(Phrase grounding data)
..............................

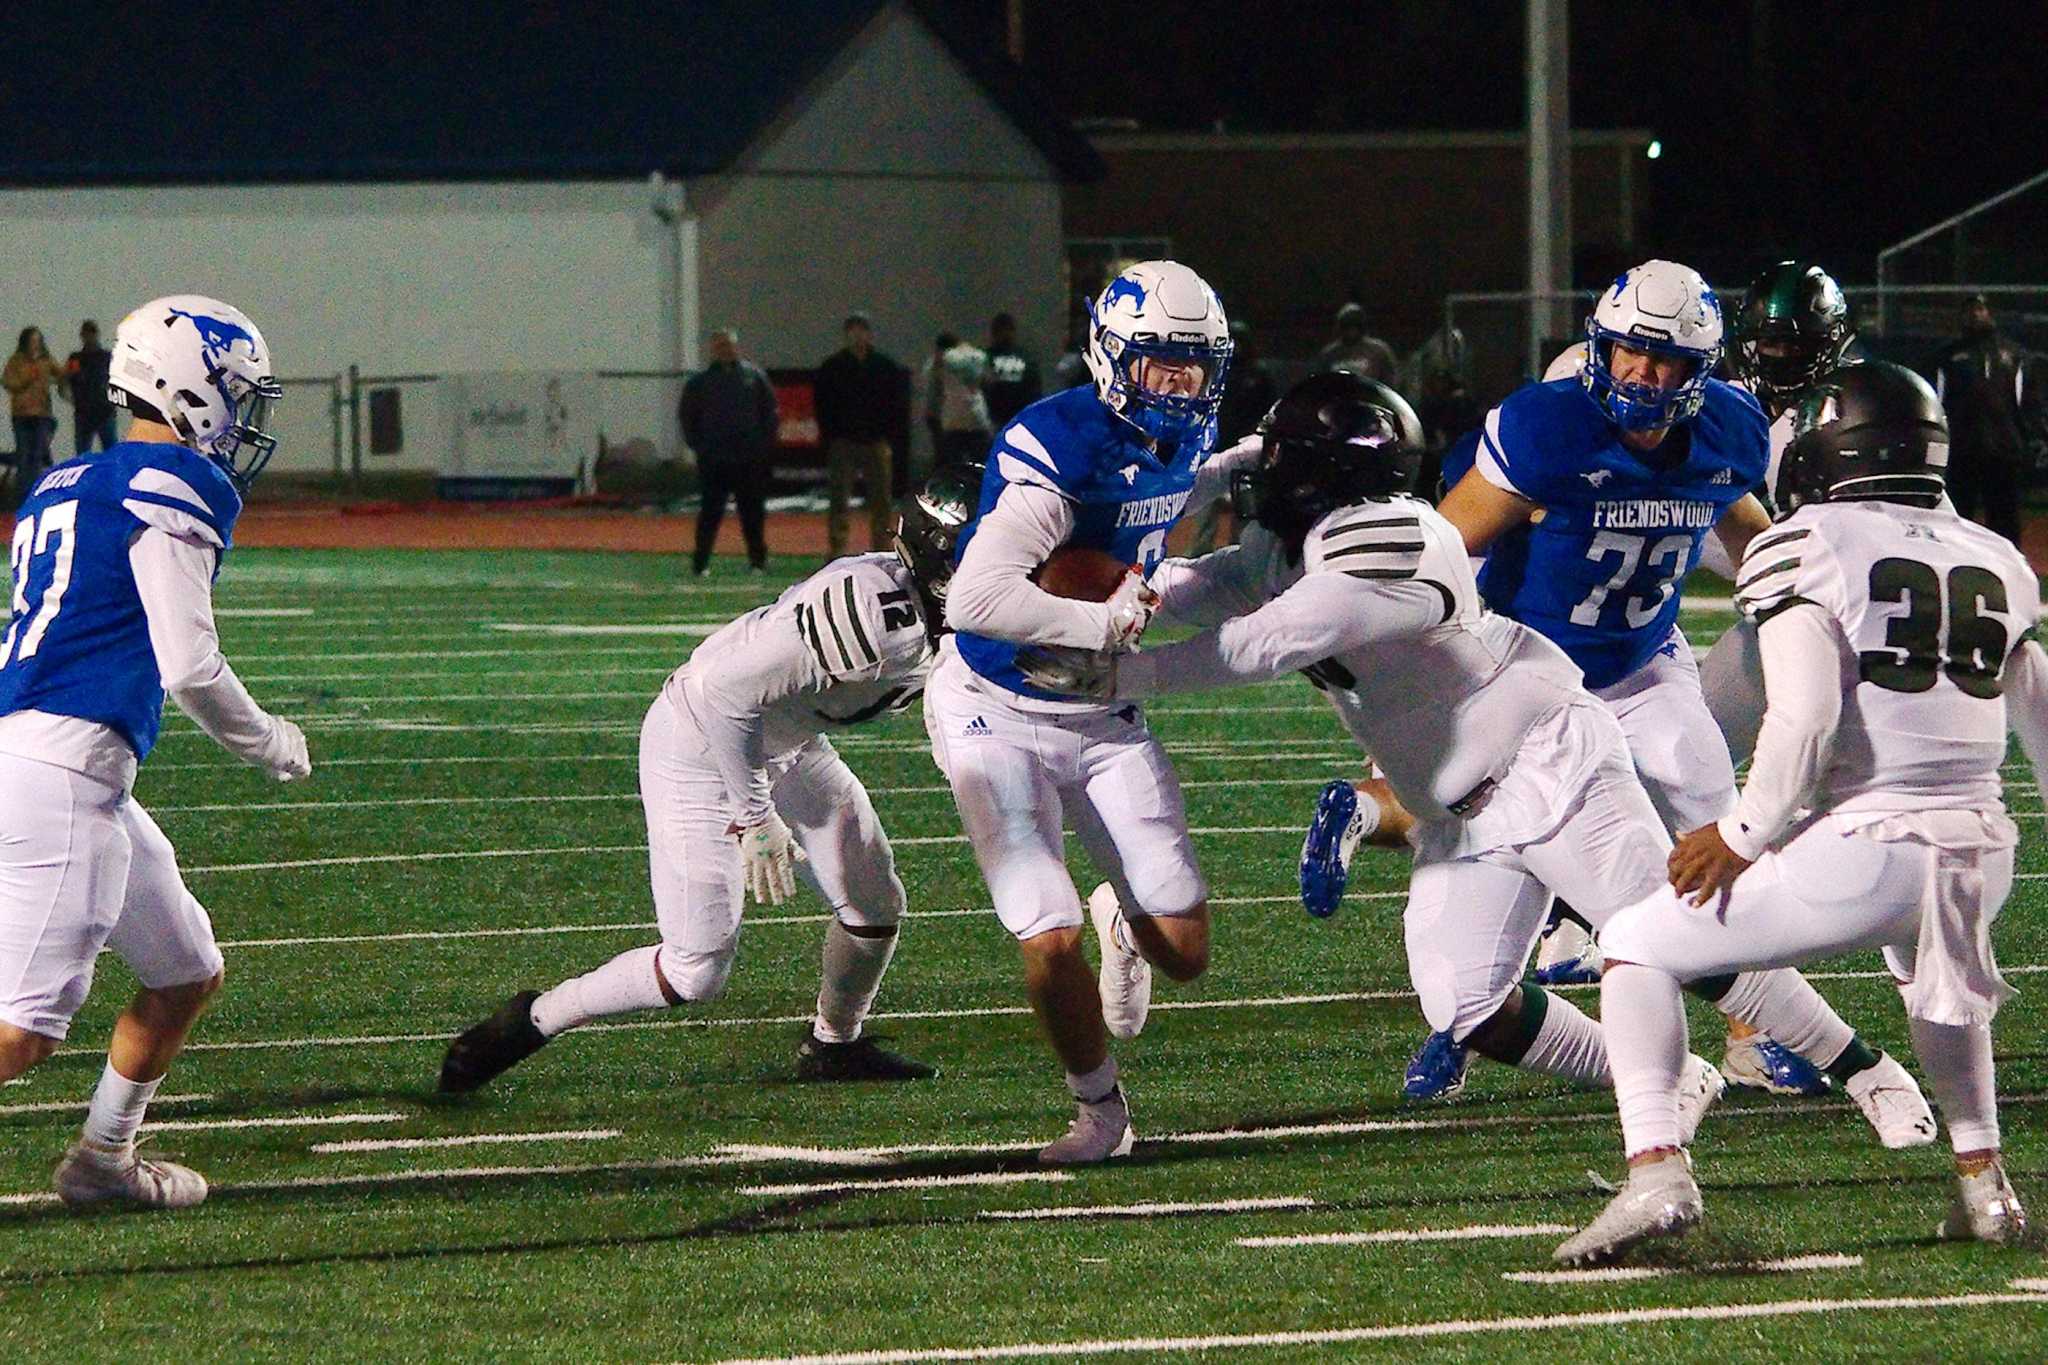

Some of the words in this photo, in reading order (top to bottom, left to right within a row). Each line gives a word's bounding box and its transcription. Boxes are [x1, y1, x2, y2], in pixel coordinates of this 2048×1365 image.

[1114, 488, 1194, 528] FRIENDSW
[1592, 500, 1716, 528] FRIENDSWOOD
[0, 499, 79, 670] 37
[877, 590, 917, 633] 12
[1569, 530, 1693, 629] 73
[1859, 557, 2009, 700] 36
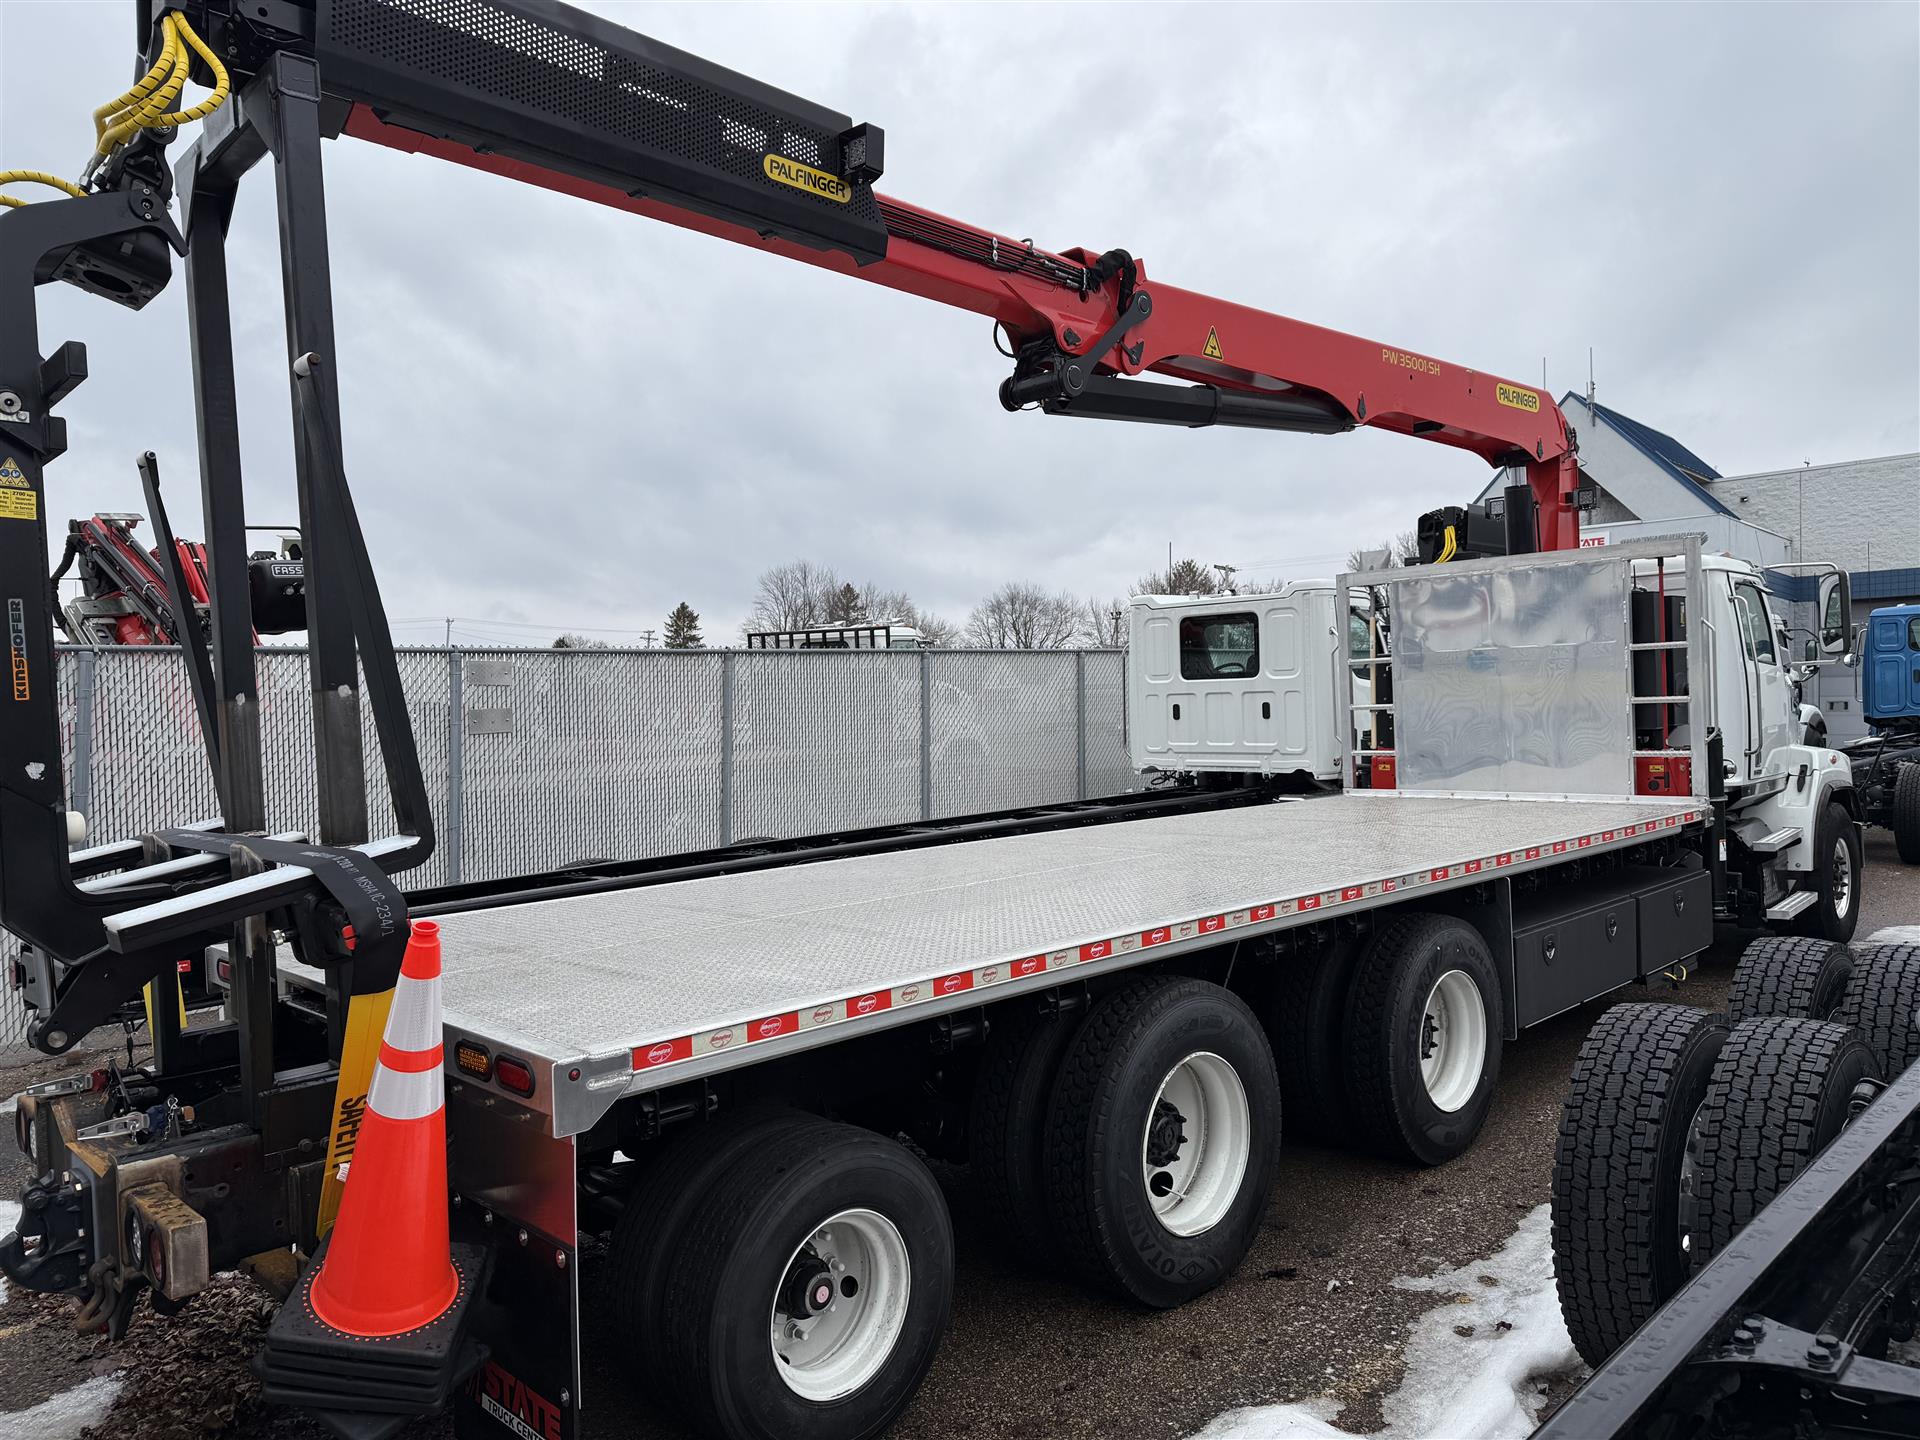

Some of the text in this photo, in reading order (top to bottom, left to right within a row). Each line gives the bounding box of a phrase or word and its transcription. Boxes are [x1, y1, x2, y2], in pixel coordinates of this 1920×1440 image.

[769, 159, 846, 198] PALFINGER
[1382, 349, 1399, 365] PW
[1498, 386, 1538, 409] PALFINGER
[1581, 537, 1605, 547] ATE
[274, 566, 304, 575] FASS
[487, 1398, 546, 1440] TRUCK CENT
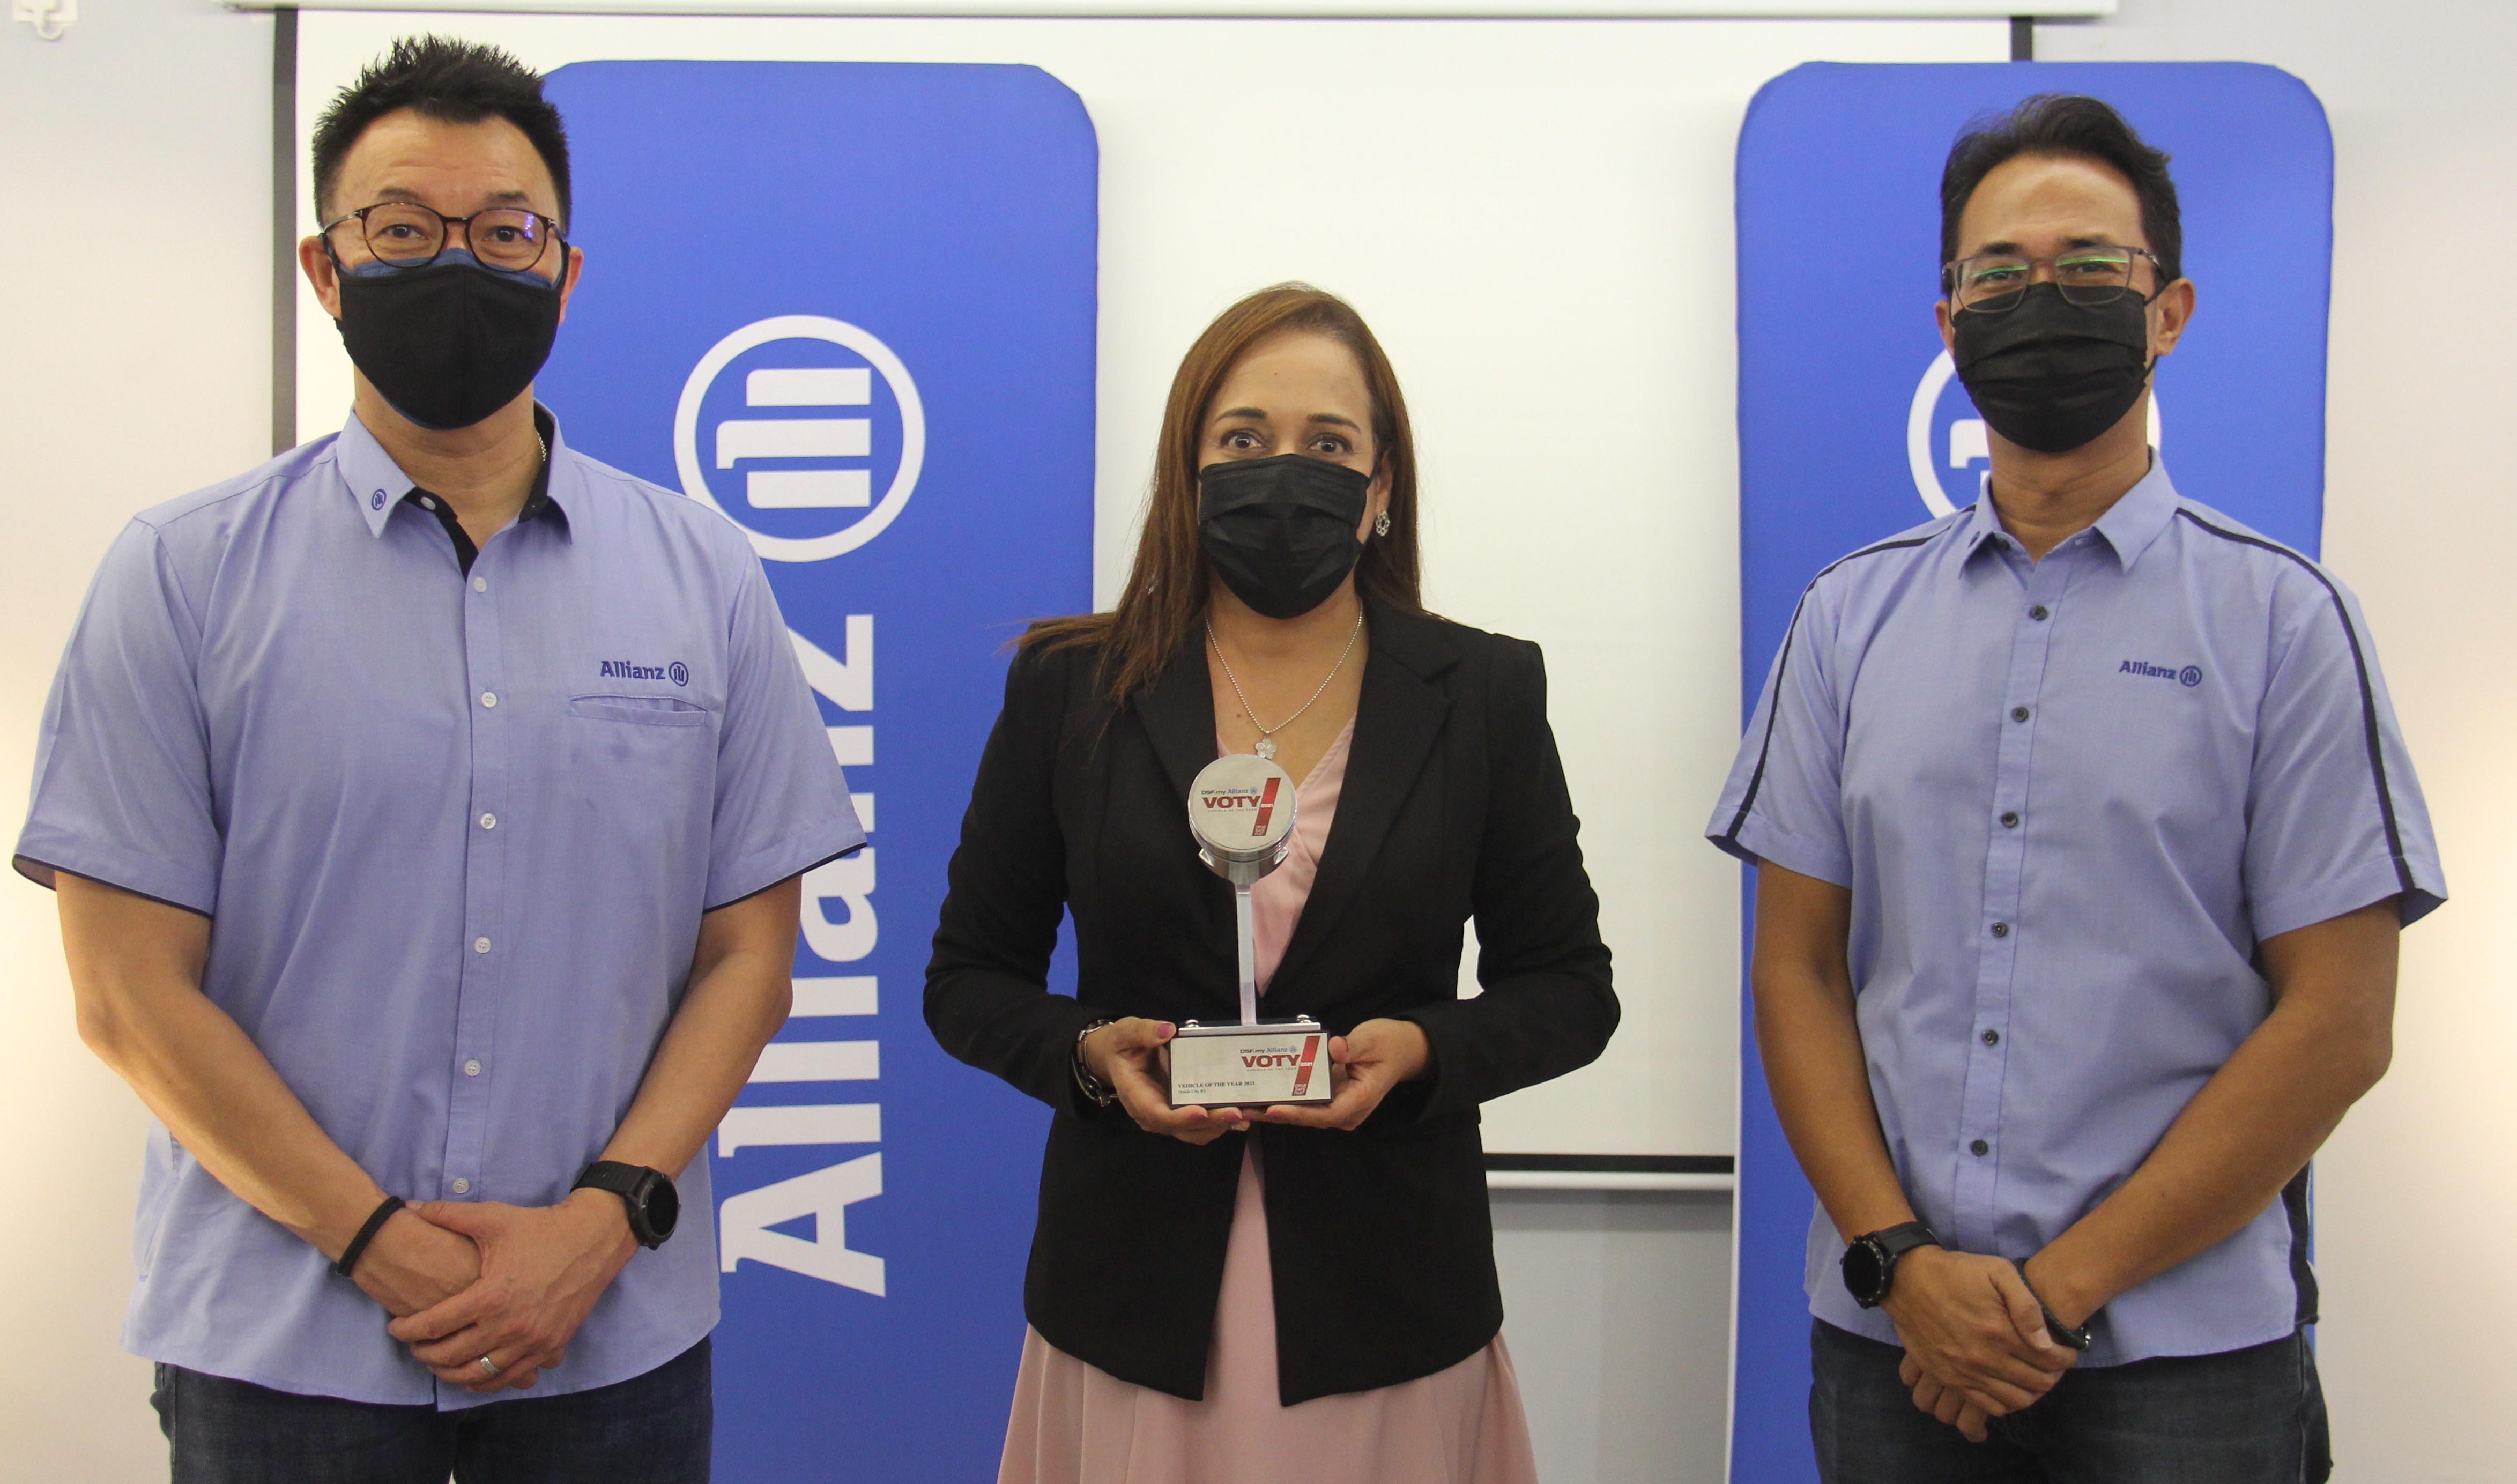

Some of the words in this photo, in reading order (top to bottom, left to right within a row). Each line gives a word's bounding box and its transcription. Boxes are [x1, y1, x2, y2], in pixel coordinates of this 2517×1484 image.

[600, 660, 666, 680] Allianz
[2119, 660, 2177, 680] Allianz
[1202, 796, 1261, 808] VOTY
[1241, 1054, 1301, 1067] VOTY

..............................

**TASK REQUIREMENTS**
The pictures should be dropped, and every line above should be set down again exactly.

**WRITTEN SOLUTION**
Some of the words in this photo, in reading order (top to bottom, left to right within a row). Each line gives a word's bounding box and its transcription. Boxes are [x1, y1, x2, y2], in pixel coordinates of this 2048×1365 image.

[1114, 488, 1194, 528] FRIENDSW
[1592, 500, 1716, 528] FRIENDSWOOD
[0, 499, 79, 670] 37
[877, 590, 917, 633] 12
[1569, 530, 1693, 629] 73
[1859, 557, 2009, 700] 36

Some of the text in this photo, in reading order (top to bottom, left to right within a row). Each line gives the bounding box of a phrase or word and its transcription. Boxes are [x1, y1, x2, y2], in pixel coordinates of this 1920×1440 image.

[769, 159, 846, 198] PALFINGER
[1382, 349, 1399, 365] PW
[1498, 386, 1538, 409] PALFINGER
[1581, 537, 1605, 547] ATE
[274, 566, 304, 575] FASS
[487, 1398, 546, 1440] TRUCK CENT

Some of the words in this photo, in reading order (top to bottom, left to right within a row). Each line gives a word's bounding box and its transcription. Boxes are [x1, y1, x2, y2], in pixel coordinates of this 2517×1484 image.

[600, 660, 666, 680] Allianz
[2119, 660, 2177, 680] Allianz
[1202, 796, 1261, 808] VOTY
[1241, 1054, 1301, 1067] VOTY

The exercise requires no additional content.